Annie stopped in after work. She couldn’t believe that Jean had been so alert on Sunday afternoon and was now so close to death. We all sat next to Jean’s bed and watched her struggle for each breath. Julie came in frequently to check on her and to administer more doses of morphine and anti-anxiety medication.
Shortly before 6:00 p.m., Alex came into the room. All four of us noticed a sudden change in Jean’s breathing. I heard a few gurgling sounds. I stood up and went to her side. I took her hand in mine and told her once again that it was okay to let go. Within a minute the gasps and gurgles stopped. She was gone.
I kissed her forehead and said goodbye. Julie looked in and we told her it was over. She removed the IV, hugged me, and then pulled the curtain, closed the door and left us to grieve as a family. There were tears and hugs and a sense of shock and sadness, as well as relief that she was no longer struggling.
After Robert and Annie left, Alex and I went back into Jean’s room. Julie joined us. I asked her if I should take Jean’s rings off or if I should let the funeral home handle it. She said, “I think you should take them now.”
I said, “Julie, I need to ask you for a favor. Would you please take them off? I can’t do it. It just feels like a terrible invasion of her personal property.”
Julie said, “Of course.” She took them off and put them in a pink denture cup. She drew a heart on the lid and handed it to me. I put it in my purse. Alex and I gathered up Jean’s clothes and shoes. I kissed her one more time, and we walked out of the room.
I looked at my watch. It was 7:30. I told Alex we couldn’t go home. I wasn’t prepared for trick-or-treaters and there was no way I could be in the house and not open the door.
We walked to a lovely waiting room near the elevators and I called my three brothers and my son Eric. After I’d told Eric the news, he said Melissa, our 8-year-old granddaughter wanted to talk to me. She was crying when she asked, “Grandma, is Aunt Jean going to be okay?”
I said, “Yes, sweetheart. She is. She died, but she’s going to be with God now. She’ll get to be with her sister, her husband, and all of other the people she loved who died before she did. She’s going to be fine.”
Melissa sniffled and said, “Okay, Grandma.”
After that, we drove to Jean’s favorite restaurant and had a good meal and a glass of wine in her honor.

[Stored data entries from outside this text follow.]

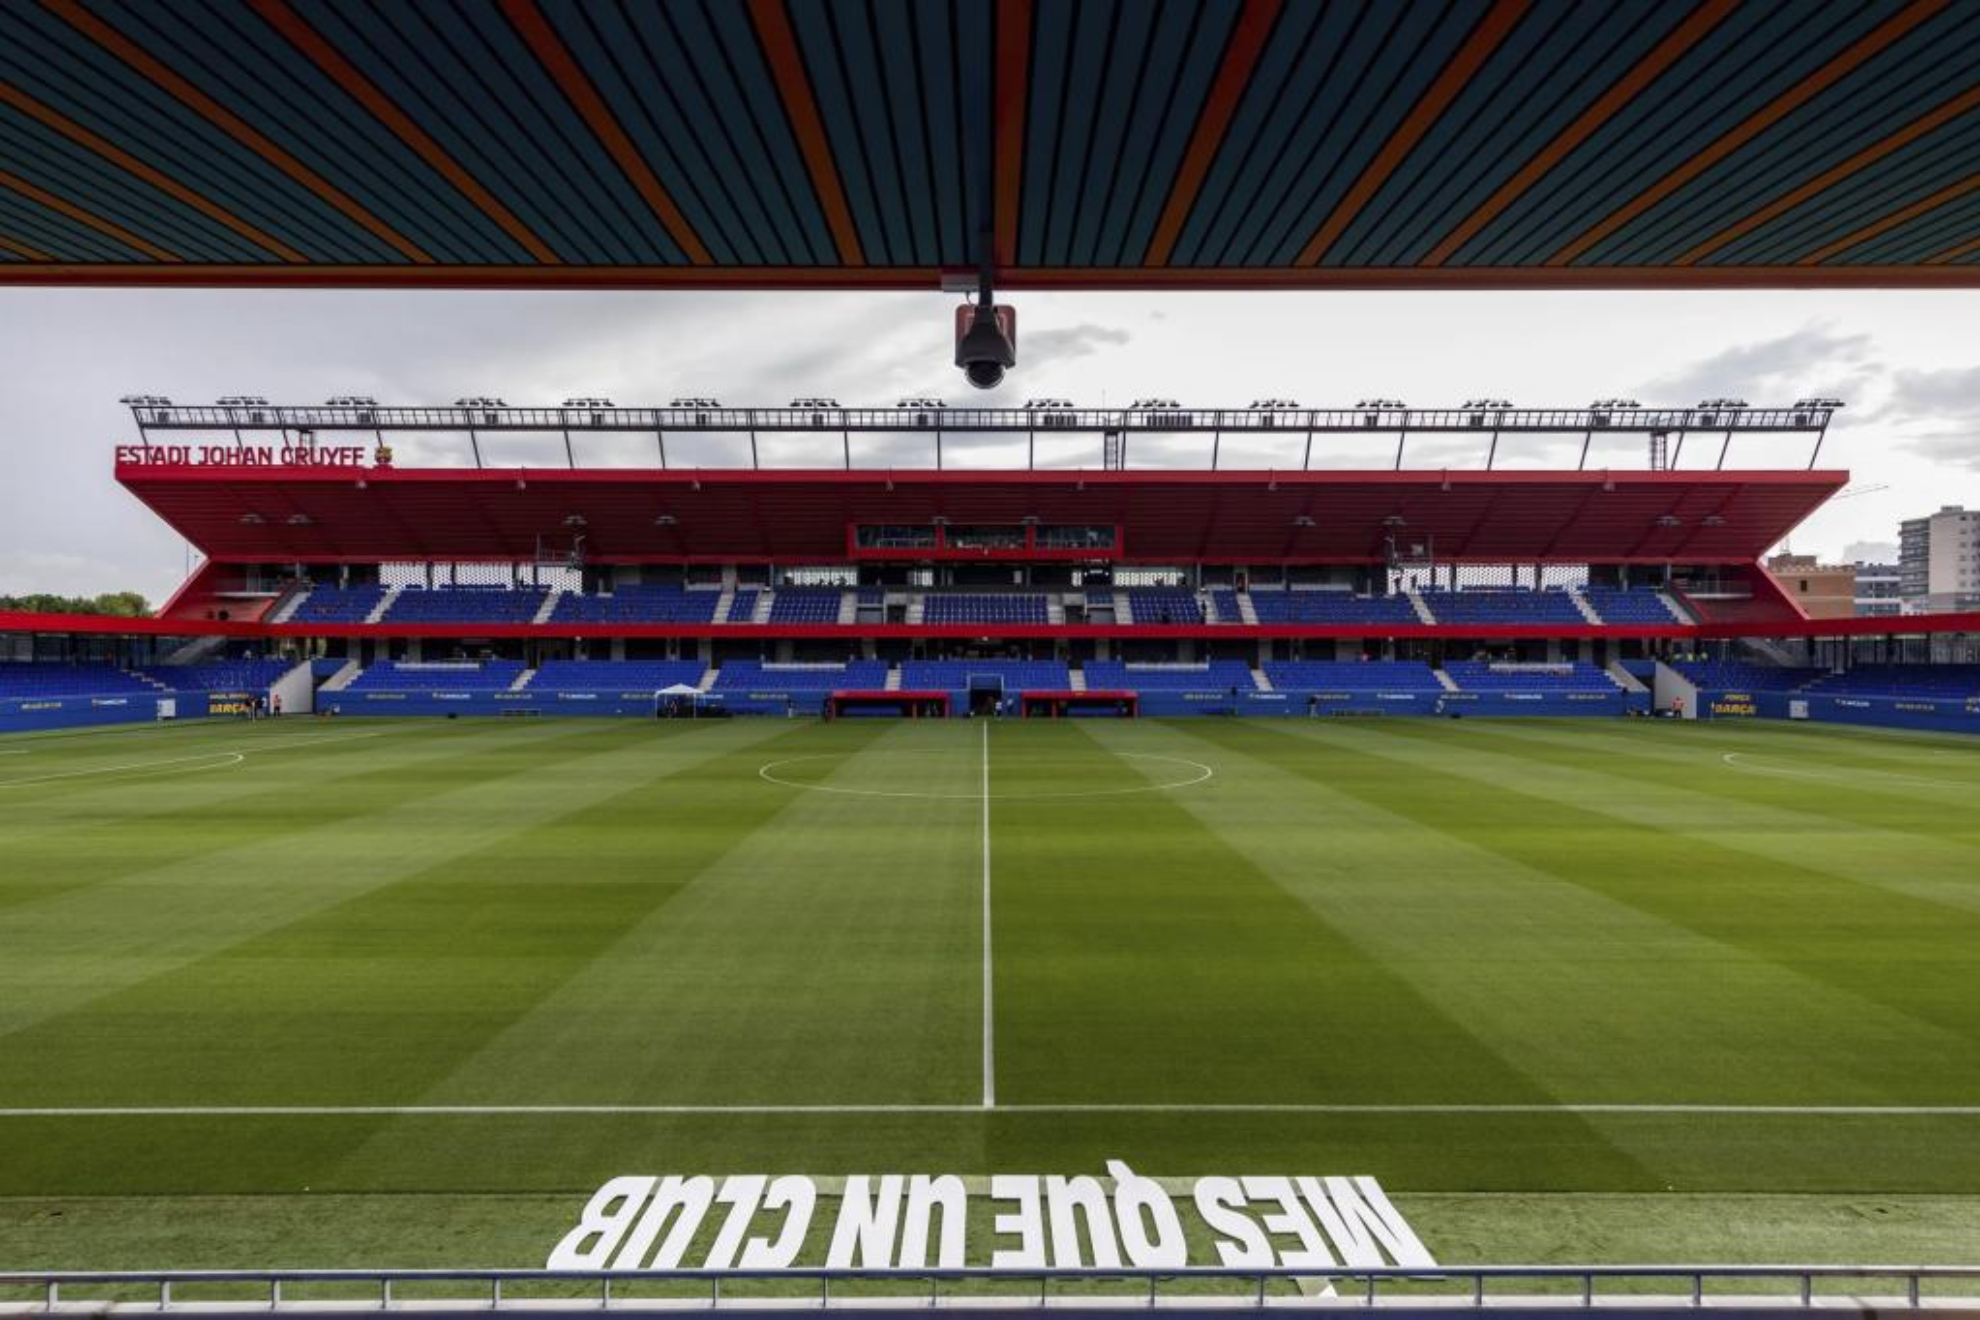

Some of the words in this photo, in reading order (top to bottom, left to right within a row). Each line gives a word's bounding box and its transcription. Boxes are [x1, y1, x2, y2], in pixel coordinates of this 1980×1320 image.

[115, 446, 192, 466] ESTADI
[198, 446, 273, 466] JOHAN
[281, 446, 365, 467] CRUYFF
[546, 1174, 817, 1273] CLUB
[825, 1174, 968, 1273] UN
[991, 1159, 1188, 1273] QUE
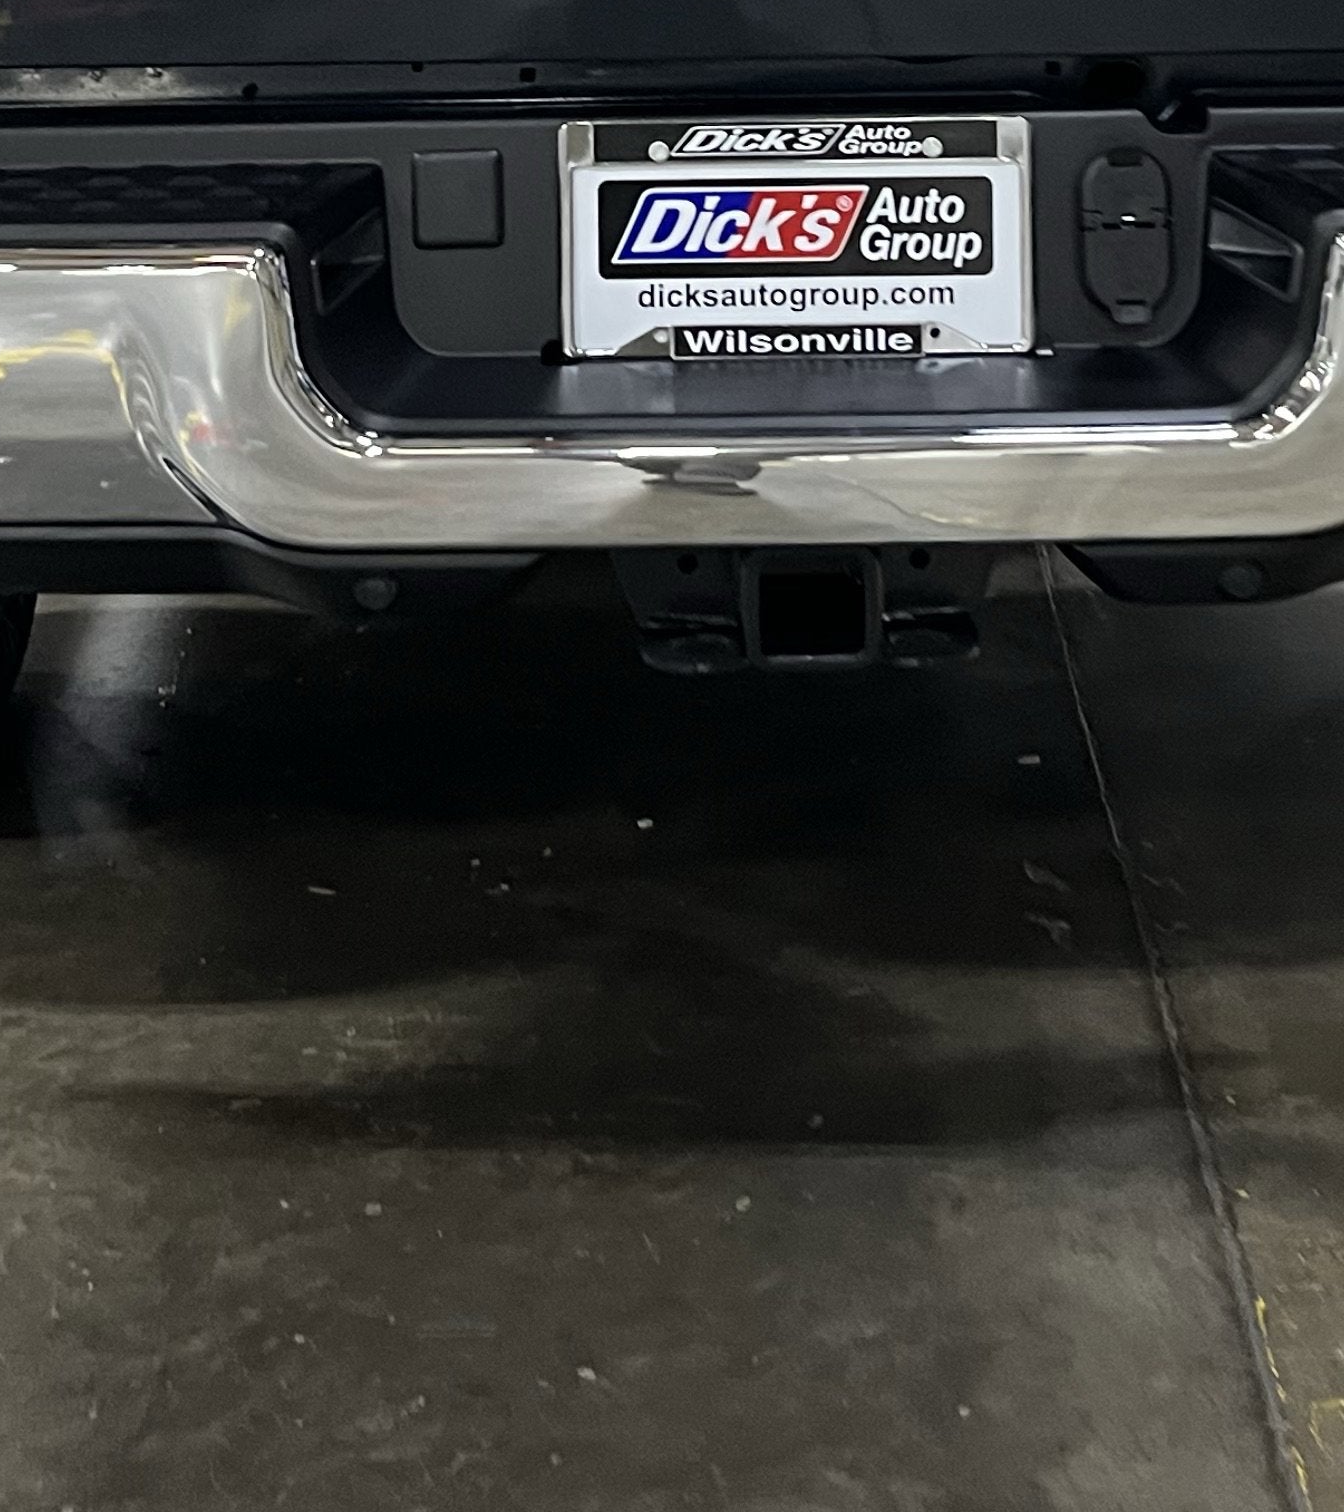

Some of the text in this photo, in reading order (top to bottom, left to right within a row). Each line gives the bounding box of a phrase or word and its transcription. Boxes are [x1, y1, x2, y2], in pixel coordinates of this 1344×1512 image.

My emotions were a tangle of stunned sadness and relief. The pain in my back and legs was searing. Through dinner, Alex and I talked about what would need to happen next. We had six to start the process of cleaning out Jean’s apartment and settling her estate before I checked into the hospital for my back surgery.
We knew it was going to be difficult, but we also knew that we had the support of family and friends and that we would figure it out one day at a time. When we were certain that there would be no more trick-or-treaters, we went home and fell into a deep, exhausted sleep.